Con perspectivas y estilos diferentes, los tres libros abordan las características, potencialidades, condicionantes y debilidades en el camino de China para consolidarse como gran potencia, sorteando la trampa de los ingresos medios a través de un desarrollo tecnológico con dirección estatal. Mientras Ríos lo hace estudiando la historia del PCCho, Feijoo y Parra se centran en los desarrollos más recientes. El primero, con una visión que podríamos denominar “de arriba abajo”, centrándose primero en el proyecto político y social para, posteriormente, entrar en los detalles de su impacto en la población. La segunda, con una perspectiva “de abajo arriba”, comenzando por el cambio generacional y las dinámicas sociales de la nueva China para, poco a poco, adentrarse en las características del proyecto.

Un aspecto común que se desprende de estas lecturas tiene que ver con la diferencia con la que se trata el factor tiempo en China, en comparación a los ritmos occidentales. Se trata de un aspecto que juega a su favor. Y no deja de ser sorprendente el hecho de que, a pesar de que esa característica parecía ser comprendida –este mismo año desde la Casa Blanca se declaró que la “paciencia” guiará la política norteamericana hacia China– la ansiedad geopolítica agite el avispero de las alianzas occidentales a través de la venta de submarinos nucleares a Australia con el fin de articular una política de contención en el Pacífico.
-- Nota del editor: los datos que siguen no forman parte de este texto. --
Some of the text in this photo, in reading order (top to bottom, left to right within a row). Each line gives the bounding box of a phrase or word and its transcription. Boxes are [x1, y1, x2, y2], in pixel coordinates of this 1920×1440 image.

En esta nueva guerra fría, a diferencia de la anterior –con sus armas nucleares, grandes escenificaciones diplomáticas y enfrentamientos armados indirectos– la competición es visible en la medida en que pueda afectar a los actores económicos, desde las grandes tecnológicas al consumidor final. Sobre todo, si hay una nueva guerra fría, no es tanto por las contradicciones ideológicas (el nuevo contendiente, China, no aspira a exportar su modelo), sino por la ya habitual actitud de Estados Unidos de retornar a la posición de salida de los años cuarenta. Desde Ronald Reagan, no hay presidente de ese país que no aspire a volver a aquella década y soñar con (re)crear un mundo a su imagen y semejanza. Y con cada intento, los norteamericanos van dejando por el camino las ventajas con las que contaba en aquellos tiempos: un bloque histórico cohesionado tras la victoria en la guerra, el cual, con la hegemonía del capital industrial, participaba en la tarea de expandir el poder imperial y no dejaba abandonada a su suerte a las clases trabajadoras.
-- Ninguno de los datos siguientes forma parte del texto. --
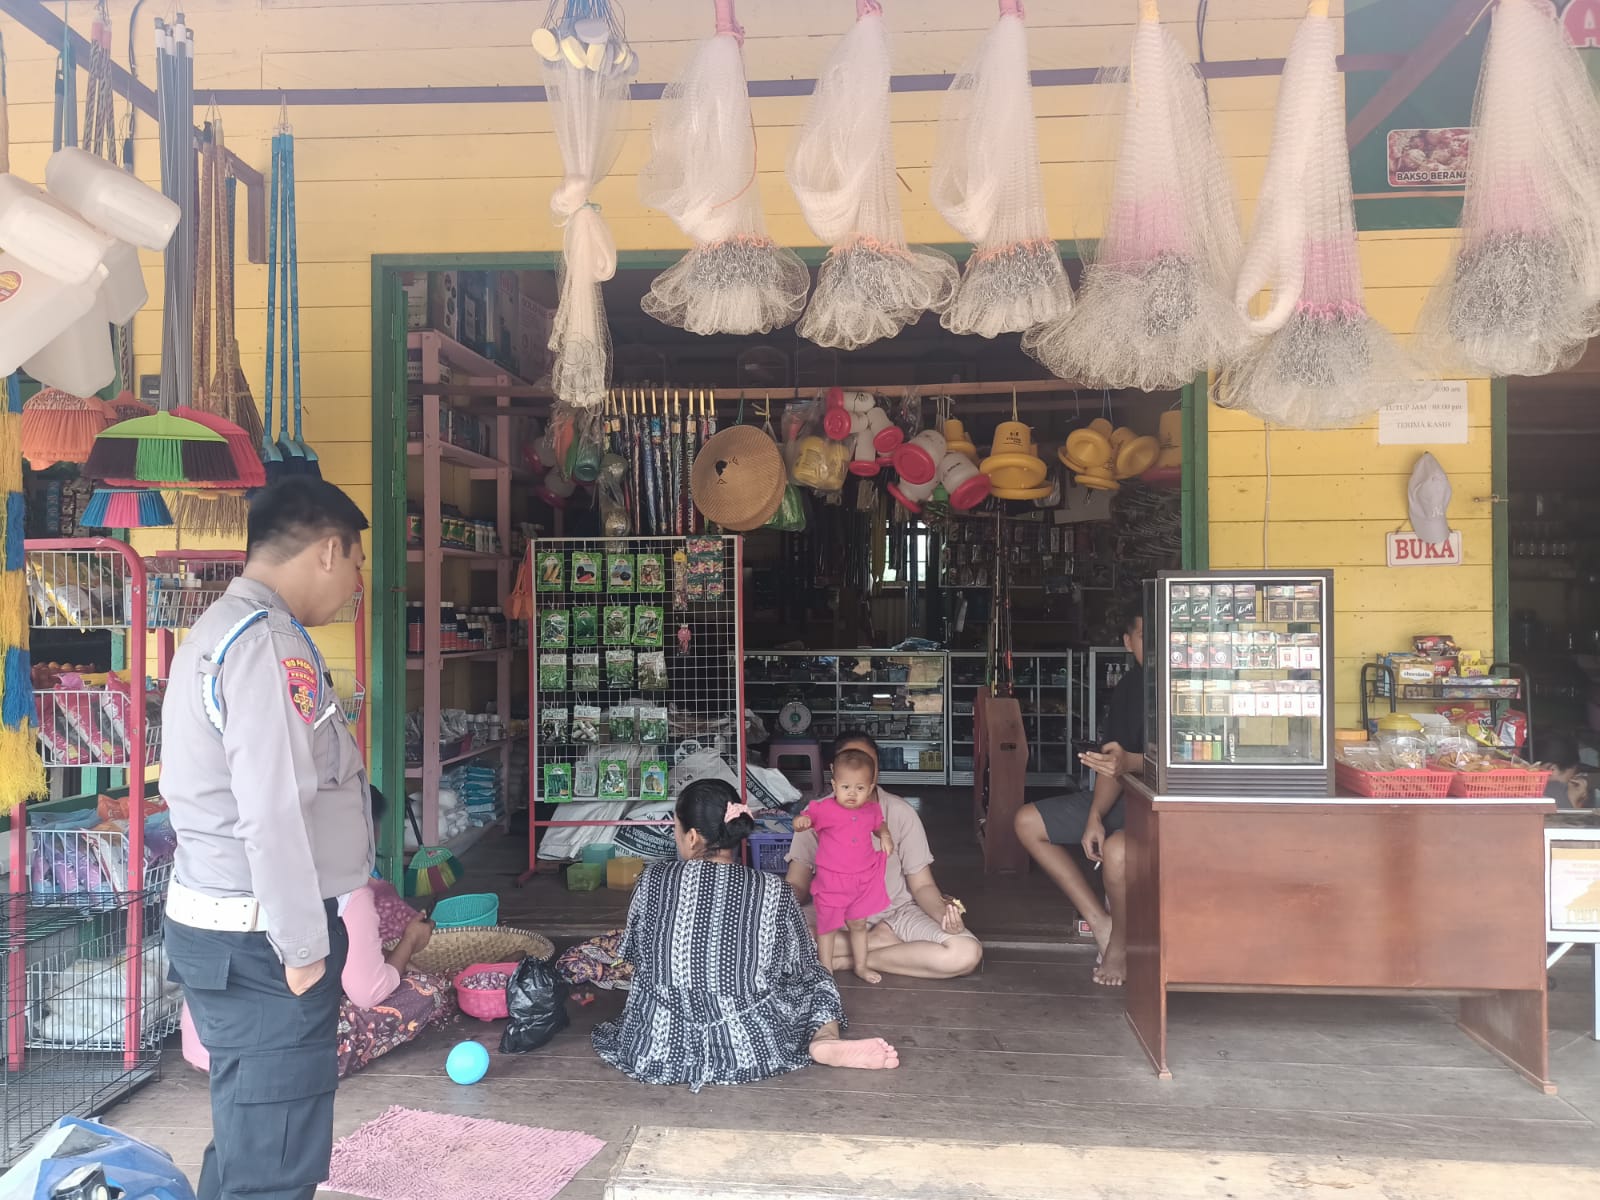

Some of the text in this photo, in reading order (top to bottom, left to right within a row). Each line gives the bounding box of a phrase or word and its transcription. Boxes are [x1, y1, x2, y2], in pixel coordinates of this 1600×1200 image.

Con diferencias importantes, el bloque histórico armonioso a día de hoy parece ser el chino, con una dirección política cohesionada y decidida, cuyas iniciativas descansan en los hábitos, ideas y aspiraciones de la sociedad. Los libros reseñados nos hablan de una potencia, China, que, si bien no quiere exportar su modelo político, sí considera que la consecución de los objetivos estratégicos pasa por garantizar su independencia y su preponderancia tecnológica a largo plazo. En ese esfuerzo colectivo están implicadas todas las fracciones sociales bajo el liderazgo del PCCh.


Carlos González-Villa es profesor de Ciencia Política en la Universidad de Castilla-La Mancha.